• Gian Lorenzo Bernini
  • 1647-1652
  • Marmo
  • 350 cm
  • Chiesa di Santa Maria della Vittoria – Roma

Nel 1647 viene commissionata a Gian Lorenzo Bernini la realizzazione della cappella della famiglia Cornaro, dal cardinale Federico Cornaro. Bernini decise di donare alla cappella le sembianze di un vero e proprio teatro in pieno stile barocco; inserì raggi di bronzo dorato dietro le figure dell’angelo e della Santa, ad incorniciare l’atto della miracolosa estasi. Occorre sottolineare l’importanza della luce, la luce naturale svolge un ruolo fondamentale, lo scultore-architetto volle aprire una finestra nella parte superiore dov’è posto il gruppo scultoreo. Il bagliore in questo modo arriva dall’alto illuminando i raggi dorati, facendo risaltare le pieghe della veste della Santa, il sorriso dell’angelo ben marcato dai contrasti di luce e ombra e il braccio della creatura che si appresta a colpire il cuore della donna.
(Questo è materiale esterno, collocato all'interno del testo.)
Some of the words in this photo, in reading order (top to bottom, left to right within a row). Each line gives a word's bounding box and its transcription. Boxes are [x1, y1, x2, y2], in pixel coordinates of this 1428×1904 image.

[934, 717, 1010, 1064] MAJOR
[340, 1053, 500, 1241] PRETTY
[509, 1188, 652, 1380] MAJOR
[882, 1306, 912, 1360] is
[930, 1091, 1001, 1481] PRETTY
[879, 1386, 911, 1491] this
Per trasmettere maggiormente l’effetto di teatralità, Bernini inserisce ai lati del gruppo scultoreo due piccoli palchetti, dove i membri della famiglia Cornaro sono intenti ad ammirare lo straordinario e mistico evento che sta accadendo a Santa Teresa d’Avila. Osservando queste figure si può notare la loro espressione stupefatta mentre sembra stiano discutendo a proposito dell’evento. Il momento rappresentato è proprio l’estasi di Santa Teresa, o più precisamente la Transverberazione della Santa (transverberare, in latino, significa “trafiggere”; questo atto consiste proprio nella trafittura del cuore con un oggetto affilato che però non causa dolore, bensì estasi). Bernini con la sua opera vuole raffigurare fedelmente un passo dell’autobiografia di Santa Teresa d’Avila, nel quale la donna descrive puntualmente il momento della propria estasi.
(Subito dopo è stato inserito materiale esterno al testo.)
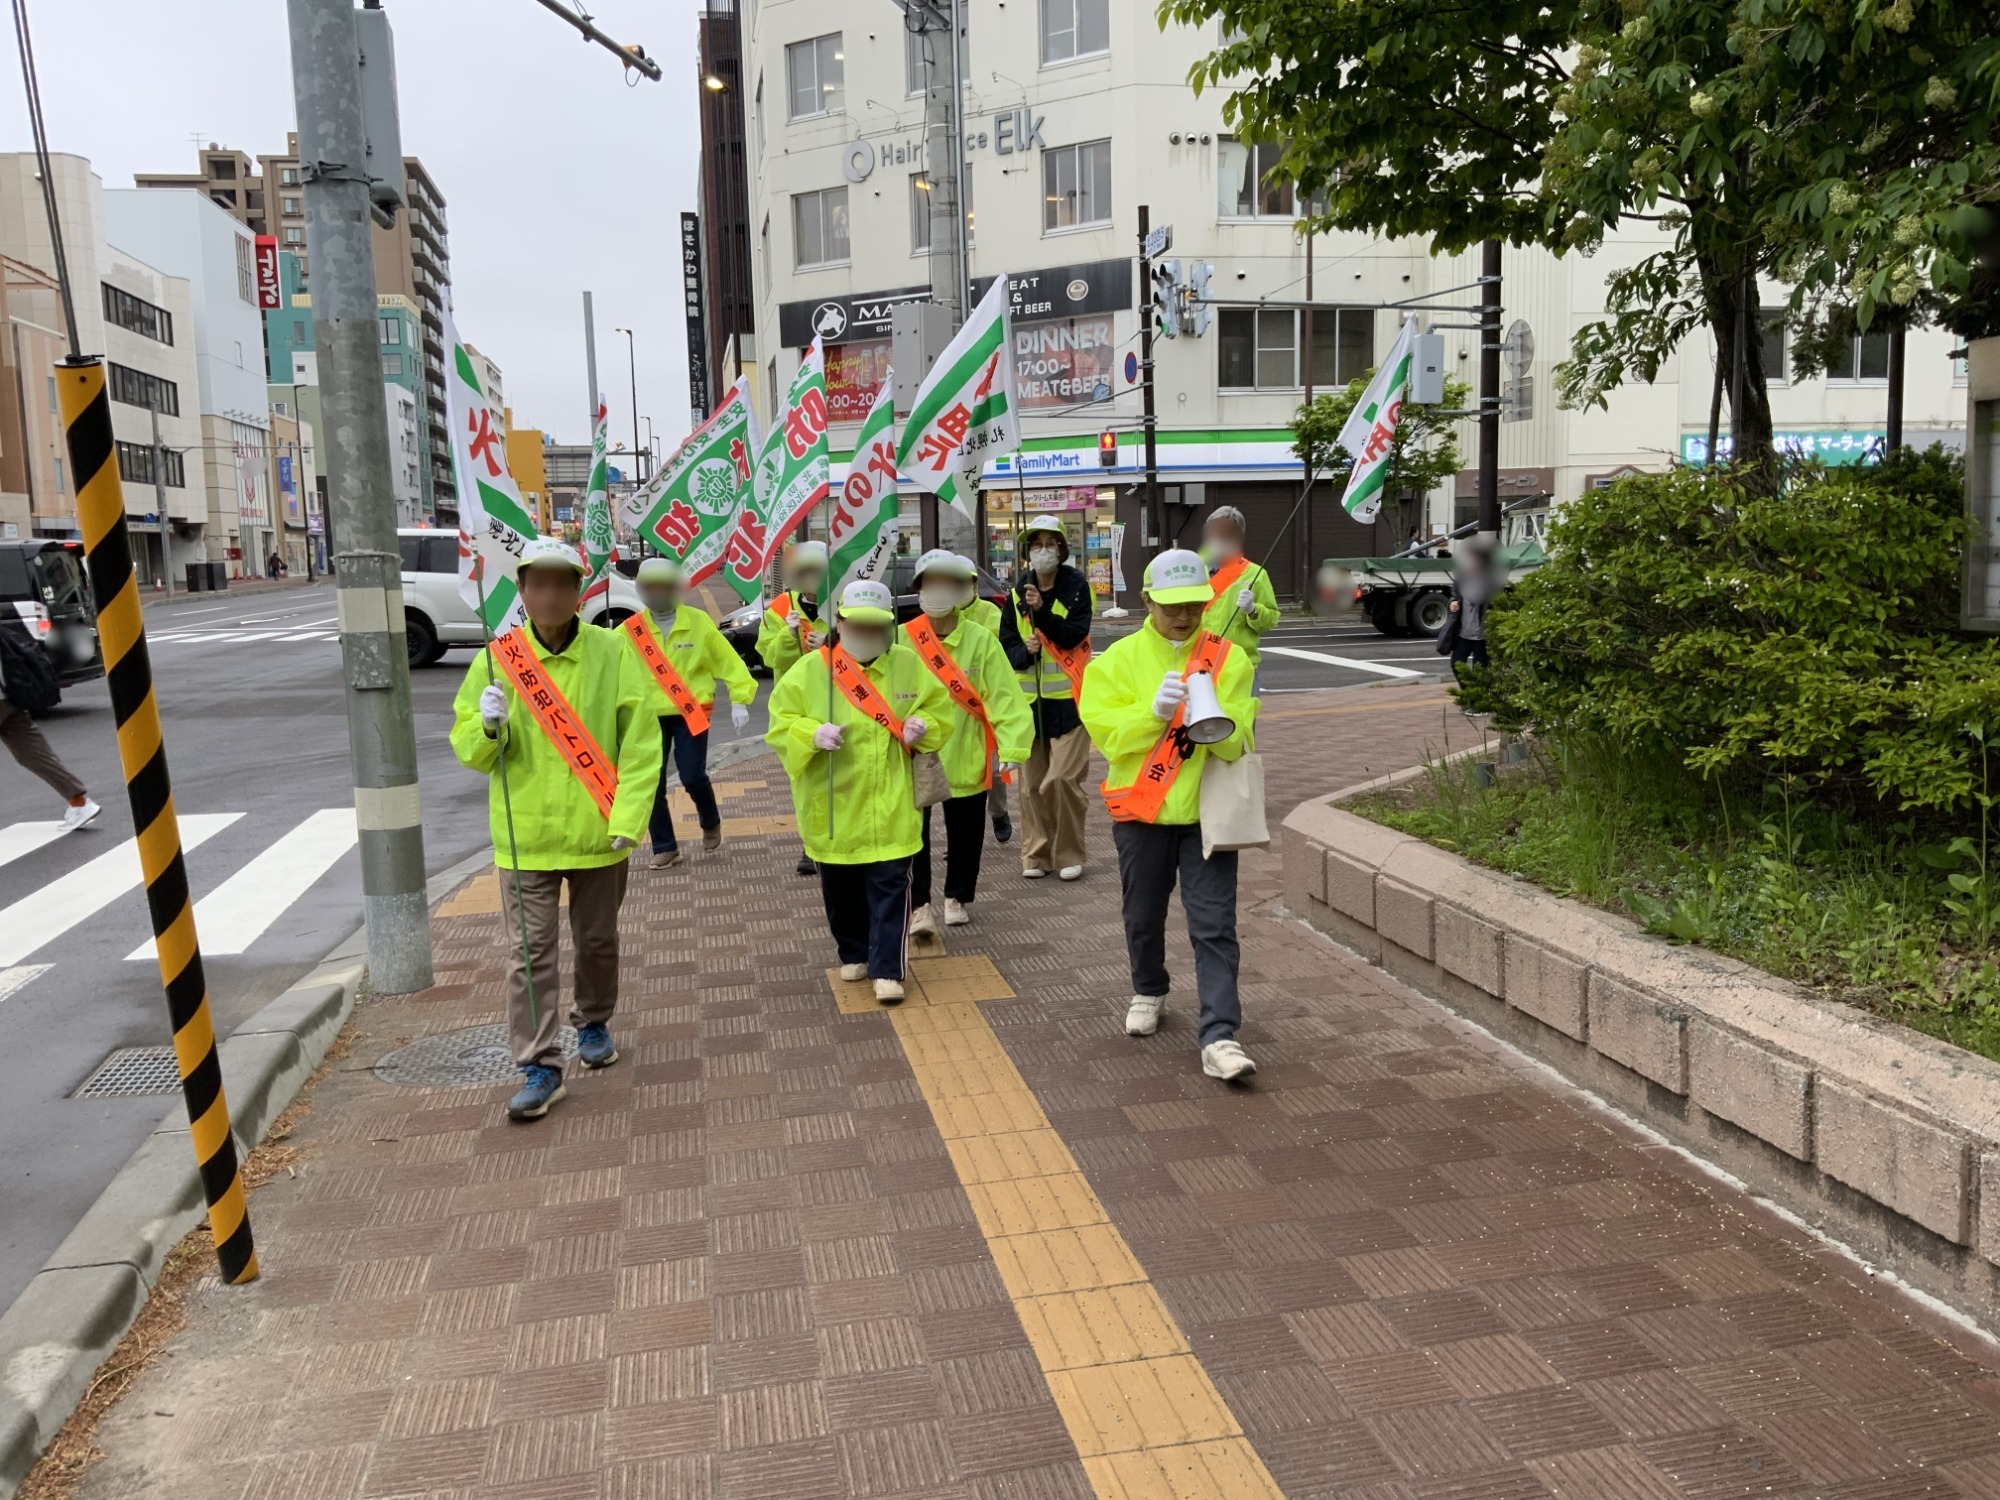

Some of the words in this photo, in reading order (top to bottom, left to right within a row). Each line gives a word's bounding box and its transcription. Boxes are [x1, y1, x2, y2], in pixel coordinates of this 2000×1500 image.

[881, 140, 921, 167] Hair
[995, 109, 1046, 156] Elk
[258, 249, 278, 305] TAIYO
[1009, 277, 1040, 290] EAT
[1013, 293, 1023, 303] &
[1025, 302, 1052, 314] BEER
[1016, 321, 1109, 355] DINNER
[1014, 454, 1080, 470] FamilyMart
“Vedevo un angelo vicino a me, a sinistra, in sembianze carnali […]. Non era alto, era piccolo, e molto bello, aveva il volto così illuminato che mi sembrava uno degli angeli delle schiere più alte, quelli che sembrano bruciare. […] Gli vedevo in mano un lungo dardo dorato, e alla fine del ferro mi sembrava ci fosse un po’ di fuoco. Mi sembrava che col dardo mi trafiggesse il cuore alcune volte, e che mi arrivasse fino alle viscere. Quando toglieva il dardo, mi sembrava quasi che se le portasse via con sé, e che mi lasciasse tutta bruciare di un grande amore per Dio. Il dolore era così forte che mi faceva emettere alcuni gemiti, ma era così grande la dolcezza che questo fortissimo dolore mi dava, che non riuscivo a desiderare che smettesse, né che la mia anima si contentasse con altro che non fosse Dio. Non era un dolore fisico, ma spirituale, anche se in qualche misura lo stesso corpo ne era partecipe, anzi lo era davvero molto. Era una carezza così dolce tra l’anima e Dio, che prego la sua bontà affinché la possano provare anche coloro che pensano che io menta”.
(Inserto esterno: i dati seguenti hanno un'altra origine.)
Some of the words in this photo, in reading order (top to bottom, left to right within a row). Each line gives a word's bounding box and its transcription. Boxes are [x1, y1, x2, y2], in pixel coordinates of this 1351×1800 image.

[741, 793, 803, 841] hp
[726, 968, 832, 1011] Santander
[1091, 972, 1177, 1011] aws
E fu proprio da questo passo che lo scultore prese spunto per la decorazione della cappella e, osservando il risultato, appare chiara la bravura e la maestria del Bernini nel materializzare in modo esatto le parole della Santa. Egli, infatti, si premura di dar forma ad ogni singolo particolare del racconto: l’angelo paffuto e sorridente che arriva da sinistra; il lungo dardo dorato puntato verso il cuore; il volto di Santa Teresa contratto in una smorfia di gradevole dolore; la bocca aperta in un gemito ma soprattutto la sensazione di piacere intenso che riscuote il suo corpo.

Il gruppo scultoreo ricavato dal marmo, materiale di per sé pesante, ci appare tenue e leggero nel suo movimento sospeso, le figure non poggiano a terra ma sono fissate alla parete della cappella da dietro, per dare l’illusione che esse fluttuino nello spazio. Al di sotto vi è una soffice nuvola che crea il trasporto in una dimensione spirituale. Osservando la veste si possono notare le pieghe quasi innaturali, provocate dal vento, le quali sembrano quasi annullare la sua natura corporea, tutto ad indicare il carattere trascendentale dell’opera.

In ultima analisi, è necessario evidenziare il genio barocco che si manifesta attraverso il “bel composto”, ossia l’unità tematica e visiva tra architettura, scultura, pittura e decorazione. In quest’opera della maturità, Bernini riesce a raggiungere uno dei suoi obiettivi più ambiti: attuare per mezzo delle arti una nuova sintesi di visione ed emozione. Solo aprendosi spontaneamente a Dio, l’uomo supera i propri limiti umani e giunge laddove, i più meritevoli sforzi umani non riuscirebbero a portarlo.